77:03:12:10
Javier menarik rem tangan mobilnya lalu mematikan mesin mobil yang ia kendarai. Setelah berdebat cukup lama, Rana dan Javier memutuskan untuk memesan pizza dan memakannya di apartemen Javier karena waktu sudah cukup malam dan Rana sudah sangat lapar.
Saat ini, mereka sudah sampai di apartemen Javier. Di basement lebih tepatnya.
"Sudah sampai," ucap Javier memecah lamunan Rana yang masih tidak percaya dengan mobil Javier.
"Lo punya mobil," bisik Rana kagum.
Javier tertawa kecil sembari menggeleng. "Bukan punya gue. Punya bokap gue," jelas pria itu entah keberapa kali. "Udah, yuk, turun!" ajak Javier.
"Gak, gak.
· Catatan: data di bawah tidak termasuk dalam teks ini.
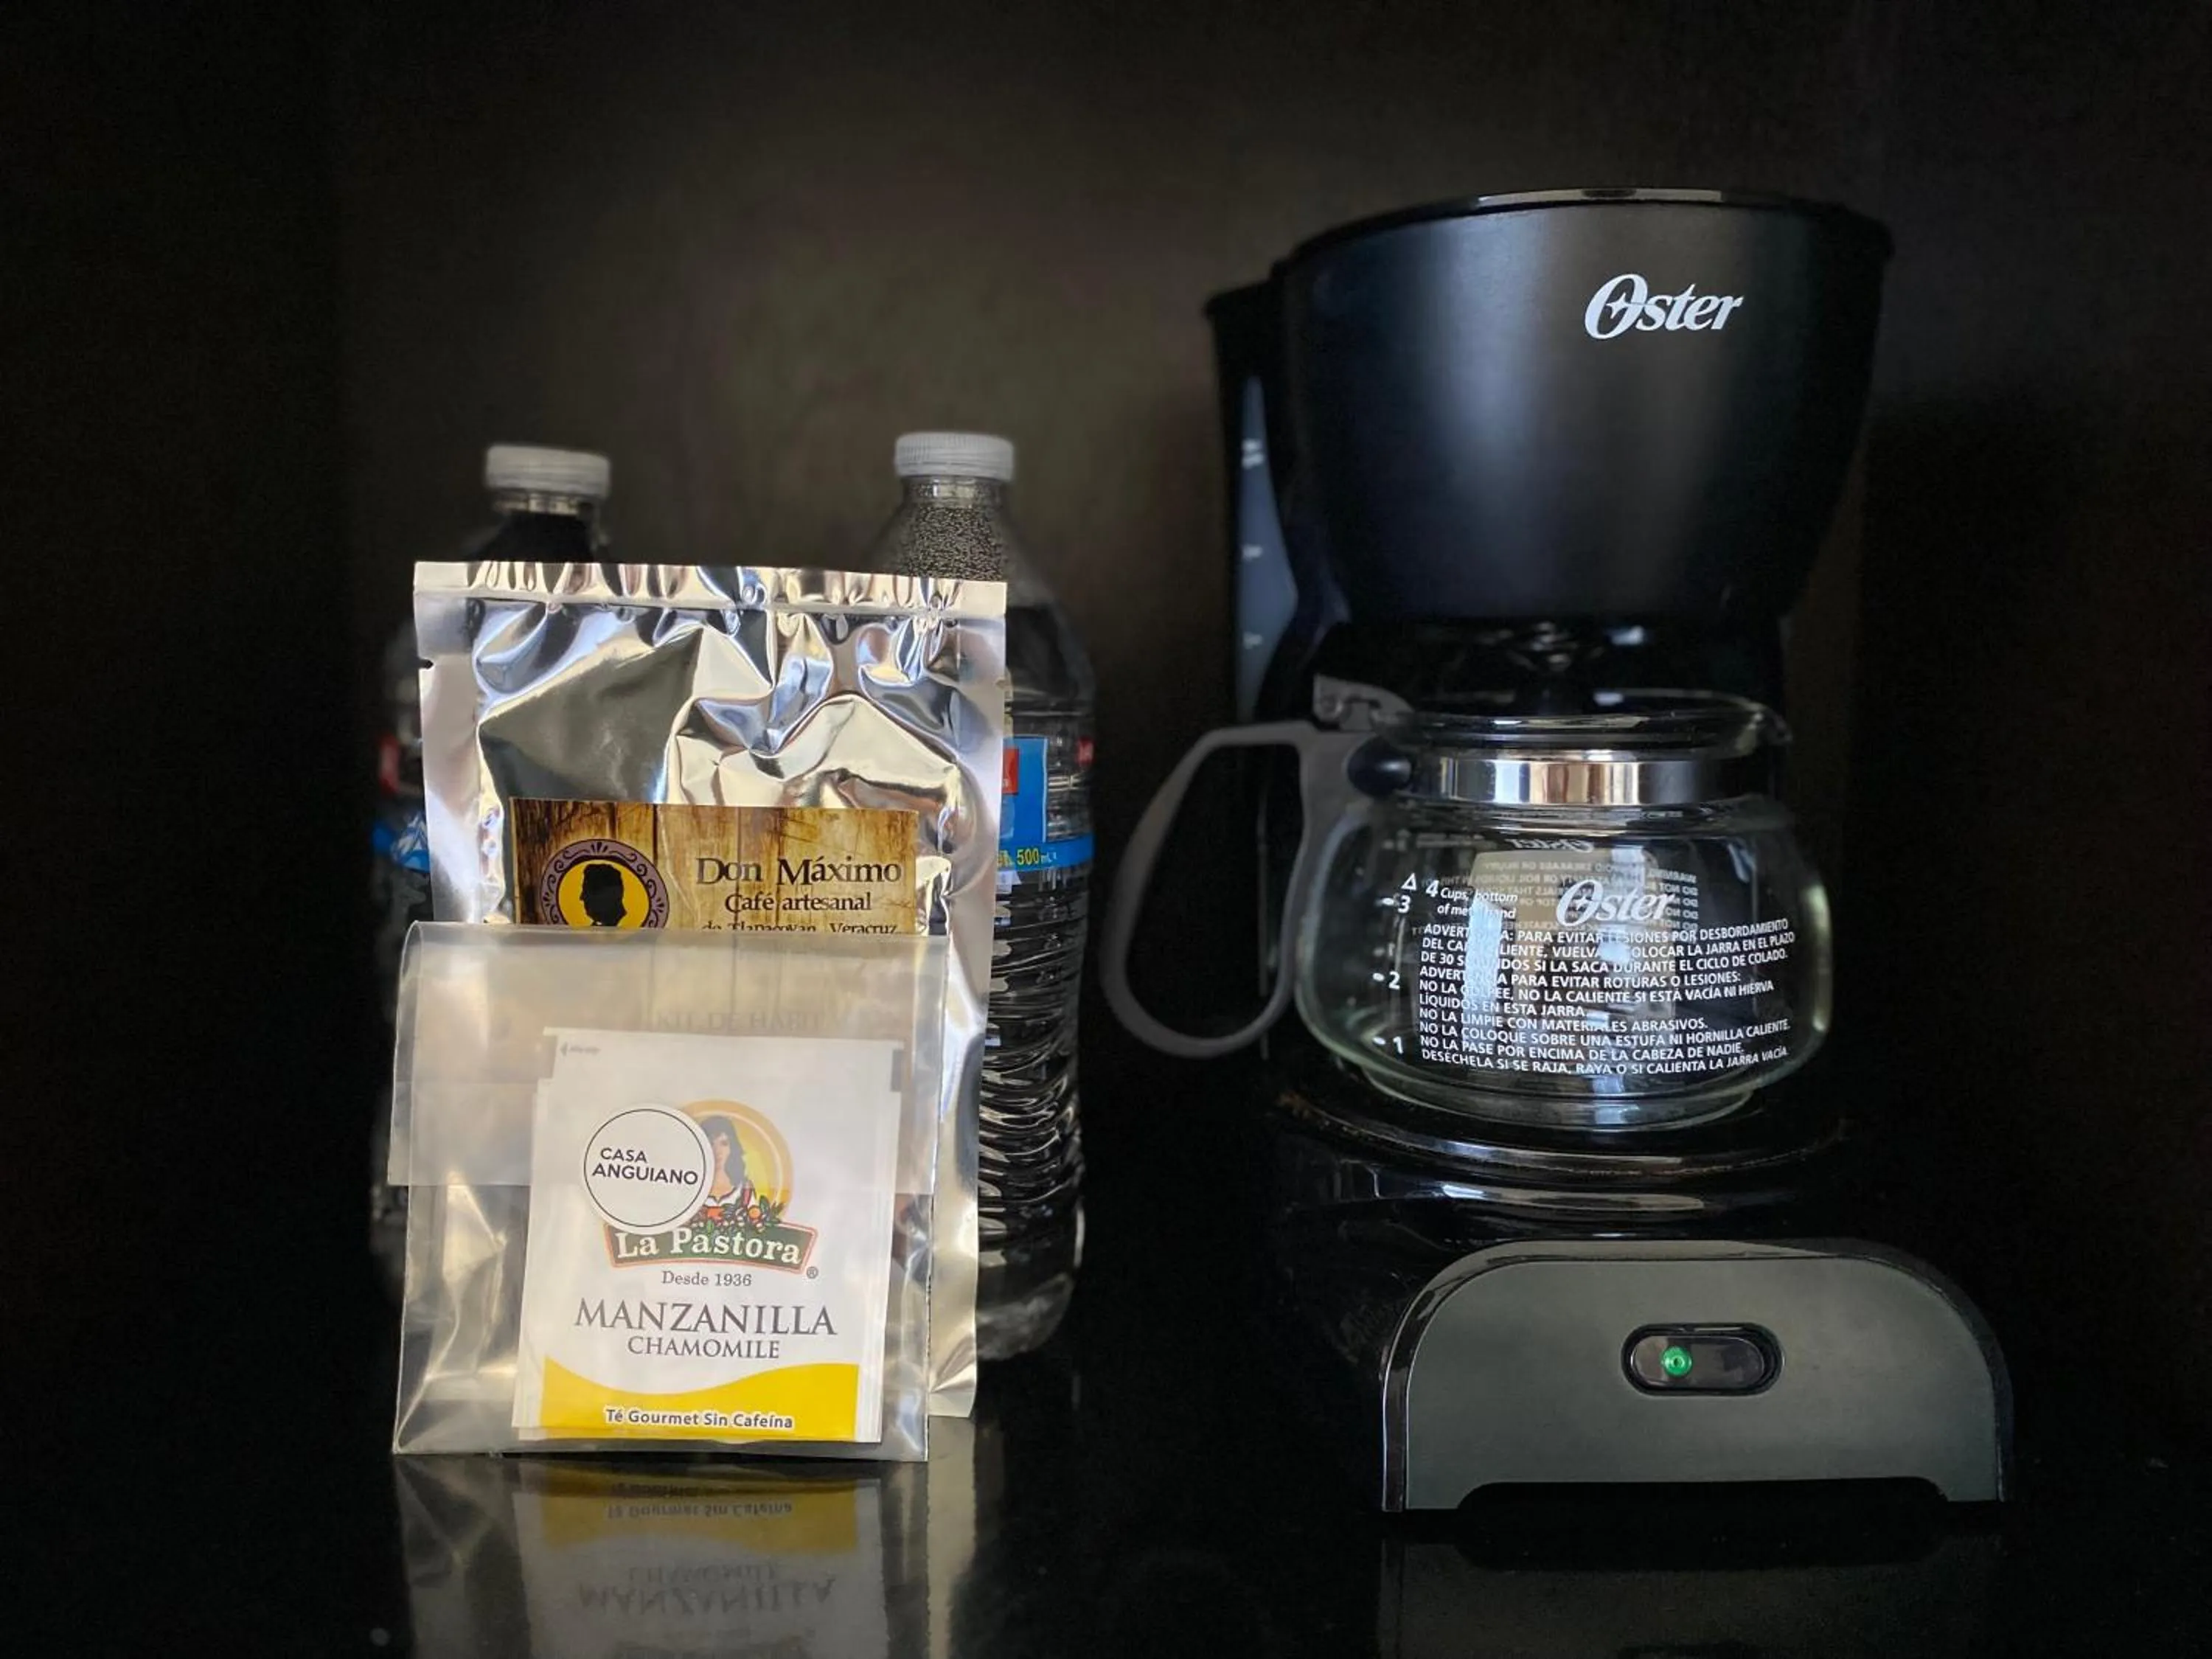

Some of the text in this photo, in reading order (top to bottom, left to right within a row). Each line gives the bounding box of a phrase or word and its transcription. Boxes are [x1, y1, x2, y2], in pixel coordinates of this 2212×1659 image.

[1585, 274, 1744, 339] Oster
[1017, 849, 1040, 865] 500
[696, 855, 902, 886] Don Máximo
[725, 891, 872, 913] Café artesanal
[1425, 880, 1439, 898] 4
[1440, 887, 1469, 902] Cups,
[1475, 888, 1518, 903] bottom
[1556, 879, 1676, 927] Oster
[1397, 894, 1411, 914] 3
[1437, 903, 1450, 915] of
[1424, 923, 1514, 941] ADVERTA:
[1517, 931, 1553, 942] PARA
[1557, 931, 1604, 944] EVITAR
[1608, 931, 1668, 944] LESIONES
[1672, 930, 1696, 942] POR
[1700, 918, 1788, 941] DESBORDAMIENTO
[1422, 937, 1444, 950] DEL
[1622, 944, 1684, 958] OLOCAR
[1688, 945, 1703, 956] LA
[1705, 942, 1740, 956] JARRA
[1743, 939, 1756, 951] EN
[1758, 936, 1768, 948] EL
[1770, 931, 1795, 947] PLAZO
[1421, 951, 1436, 963] DE
[1439, 953, 1453, 964] 30
[1534, 960, 1545, 971] SI
[1550, 961, 1568, 973] LA
[1572, 961, 1609, 973] SACA
[1613, 961, 1675, 973] DURANTE
[1679, 959, 1693, 971] EL
[1696, 956, 1729, 970] CICLO
[1732, 955, 1745, 967] DE
[1748, 948, 1789, 964] COLADO.
[1388, 971, 1401, 990] 2
[1512, 974, 1548, 987] PARA
[1552, 976, 1599, 988] EVITAR
[1604, 976, 1666, 988] ROTURAS
[1671, 975, 1680, 987] O
[1684, 971, 1741, 985] LESIONES:
[1419, 980, 1438, 992] NO
[1441, 982, 1457, 995] LA
[1518, 990, 1540, 1001] NO
[1545, 991, 1564, 1002] LA
[1566, 992, 1630, 1004] CALIENTE
[1635, 991, 1646, 1003] SI
[1649, 987, 1682, 1002] ESTÁ
[1685, 984, 1722, 1000] VACÍA
[1724, 986, 1736, 998] NI
[1739, 980, 1775, 995] HIERVA
[1419, 993, 1478, 1009] LÍQUIDOS
[1483, 1001, 1499, 1013] EN
[1504, 1003, 1536, 1015] ESTA
[1419, 1008, 1708, 1032] NO LA LIMPIE CON MATERIALES ABRASIVOS.
[1419, 1018, 1791, 1047] NO LA COLOQUE SOBRE UNA ESTUFA NI HORNILLA CALIENTE.
[1392, 1036, 1404, 1054] 1
[1420, 1035, 1744, 1061] NO LA PASE POR ENCIMA DE LA CABEZA DE NADIE.
[1422, 1049, 1494, 1068] DESÉCHELA
[1497, 1059, 1509, 1070] SI
[1513, 1060, 1528, 1071] SE
[1576, 1062, 1613, 1074] RAYA
[1615, 1063, 1627, 1074] O
[1632, 1063, 1643, 1074] SI
[1646, 1061, 1706, 1074] CALIENTA
[1709, 1058, 1724, 1070] LA
[1726, 1052, 1759, 1068] JARRA
[600, 1148, 648, 1164] CASA
[591, 1163, 698, 1185] ANGUIANO
[615, 1226, 803, 1265] La Pastora
[661, 1270, 752, 1287] Desde 1936
[574, 1298, 837, 1335] MANZANILLA
[627, 1336, 780, 1360] CHAMOMILE
[606, 1409, 792, 1428] Té Gourmet Sin Cafeína
Gue masih gak terima," balas Rana, menolak percaya. "Terus kenapa selama ini lo naik motor?"
"Karena Jakarta macet."
Sesimple itu. Mobil dianggurin karena Jakarta macet.
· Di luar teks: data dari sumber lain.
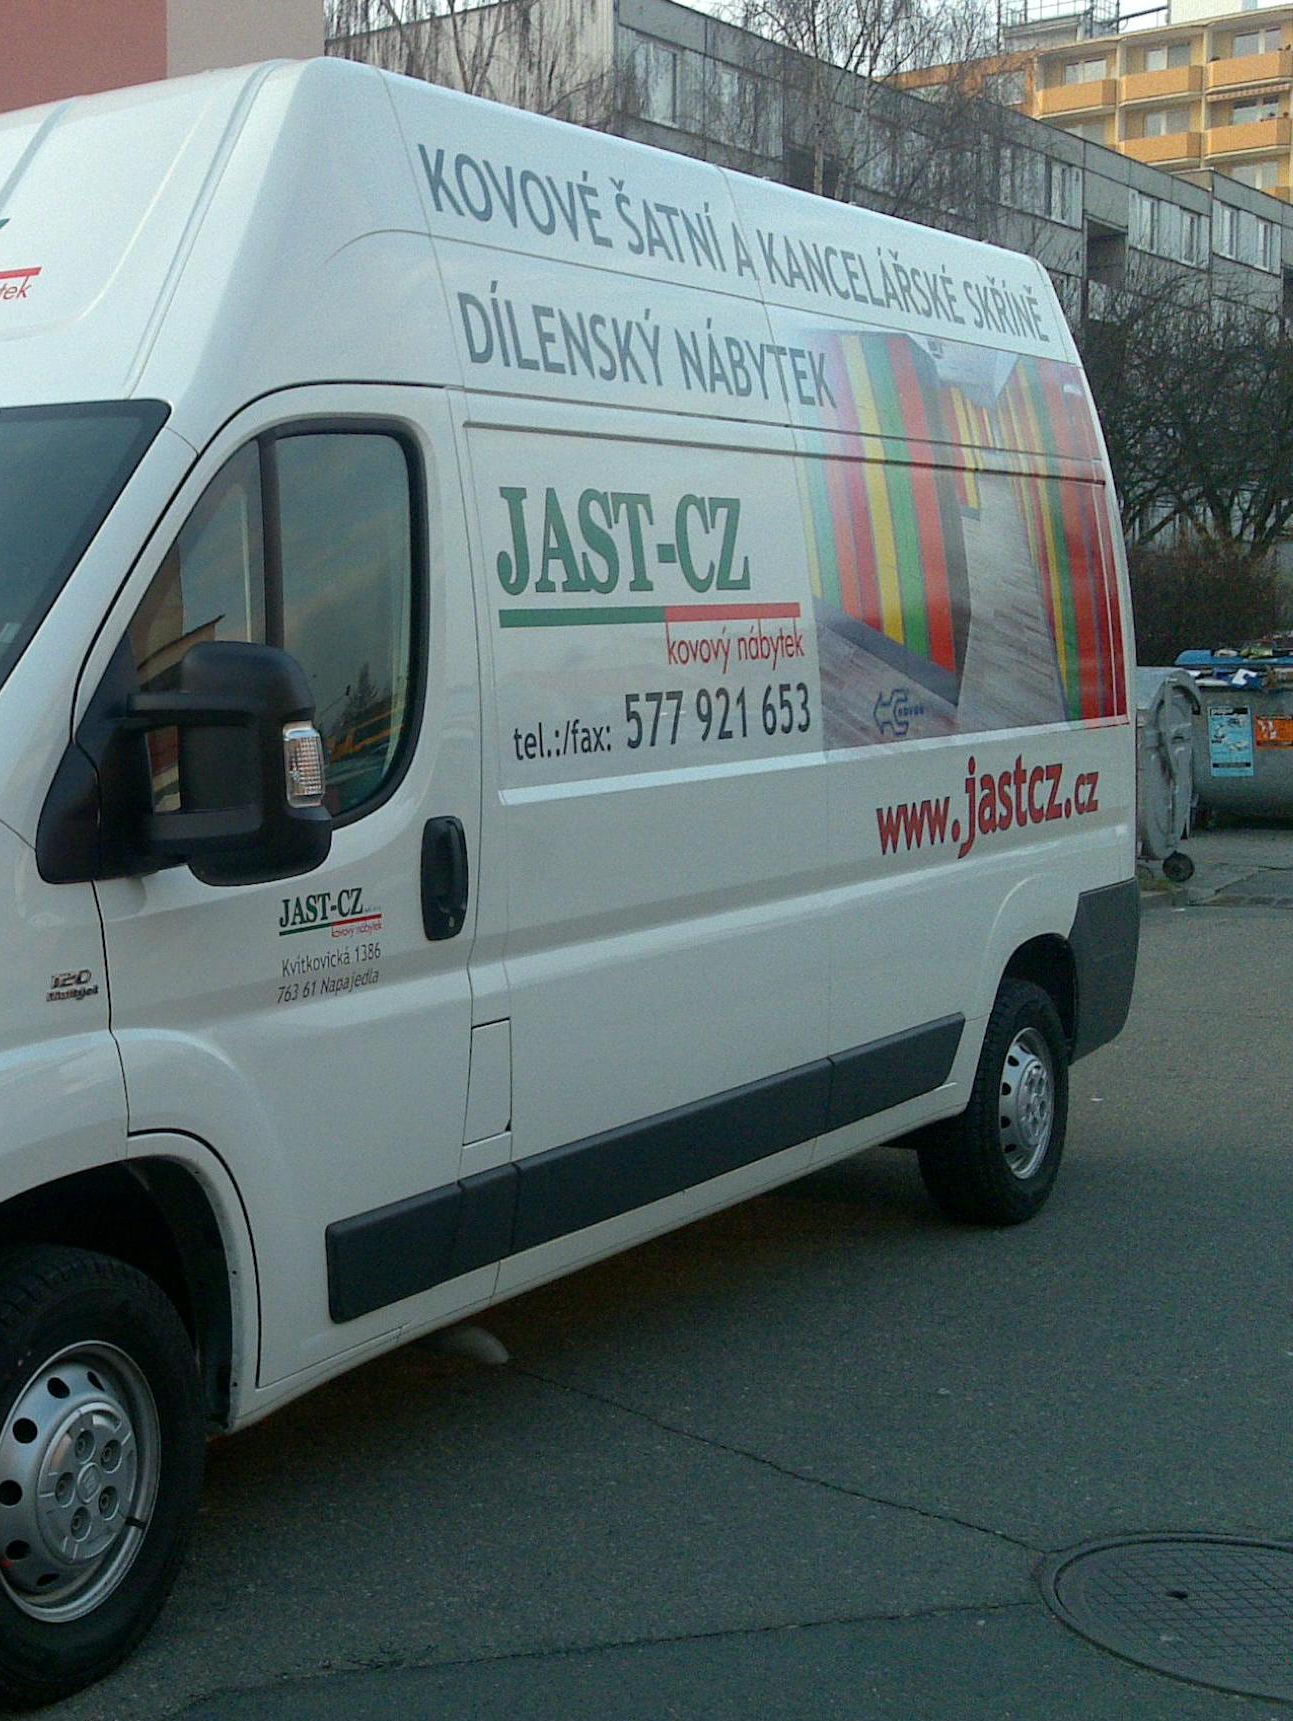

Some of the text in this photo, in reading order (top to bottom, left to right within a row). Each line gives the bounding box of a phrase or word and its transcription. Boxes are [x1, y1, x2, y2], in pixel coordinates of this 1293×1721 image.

"Terus kenapa lo pake mobil hari ini?" tanya Rana lagi.
"Karena gue mau jemput lo. Ya kali tuan putri naik motor," lagi-lagi pertanyaan Rana hanya dijawab dalam hitungan detik. Halus banget itu mulut.
"Apartemennya lo beli?" tanya Rana, masih tidak percaya Javier tinggal di apartemen sebagus ini.
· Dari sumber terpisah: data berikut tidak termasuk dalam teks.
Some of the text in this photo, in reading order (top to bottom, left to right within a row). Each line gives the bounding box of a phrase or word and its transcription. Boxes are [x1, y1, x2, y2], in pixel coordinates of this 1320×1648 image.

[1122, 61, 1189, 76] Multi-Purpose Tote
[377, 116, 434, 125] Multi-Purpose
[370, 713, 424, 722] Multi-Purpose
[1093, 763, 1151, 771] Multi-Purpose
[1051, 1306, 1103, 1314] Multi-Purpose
"Sewa doang kok. Bayar perbulan aja kayak kos-kosan," jawab Javier.
Gila. Javier sekaya apa?!
"Gue gak kayak, Ran," kata Javier seakan bisa mendengar isi pikiran Rana. "Ini semua punya bokap gue, bukan gue. Uang gue mah belom sekaya ini, Ran."
"Tetep aja kaya," gumam Rana. "Cewek yang bakal jadi jodoh lo beruntung banget kayaknya," ucap Rana lagi. Kali ini agak keras agar Javier bisa mendengar.
"Kenapa begitu?" tanya Javier penasaran. Rasanya ia ingin segera memberitahu Rana kalau dia bakal jadi jodoh buat Javier, tapi Javier harus tetap merahasiakannya.
"Lo baik, ganteng, kaya, perhatian, asik diajak ngobrol, romantis, pria idaman wanita banget deh!" terang Rana semangat. "Kalo gue belom punya cowok, mungkin gue udah naksir lo."
"Gue ganteng?" ulang Javier dengan senyuman lebar di wajahnya.
"Dari sekian banyak yang gue sebutin, yang lo denger cuman satu?!" tanya Rana kesal.
"Tapi gue ganteng, kan?"
"Bodo amat."
"Iya, kan??" goda Javier lagi.
"Iyain aja biar cepet," jawab Rana. "Ayo makan! Gue laper banget nih." Rana berusaha mengalihkan pembicaraan mereka dari 'Javier Ganteng'. Anak itu bakal besar kepala kalo dijabanin terus.
"Ayo naik!"
Rana akhirnya keluar dari dalam mobil dan memasuki lift apartemen Javier. Javier menempelkan kartu akses apartemen lalu menekan angka 17.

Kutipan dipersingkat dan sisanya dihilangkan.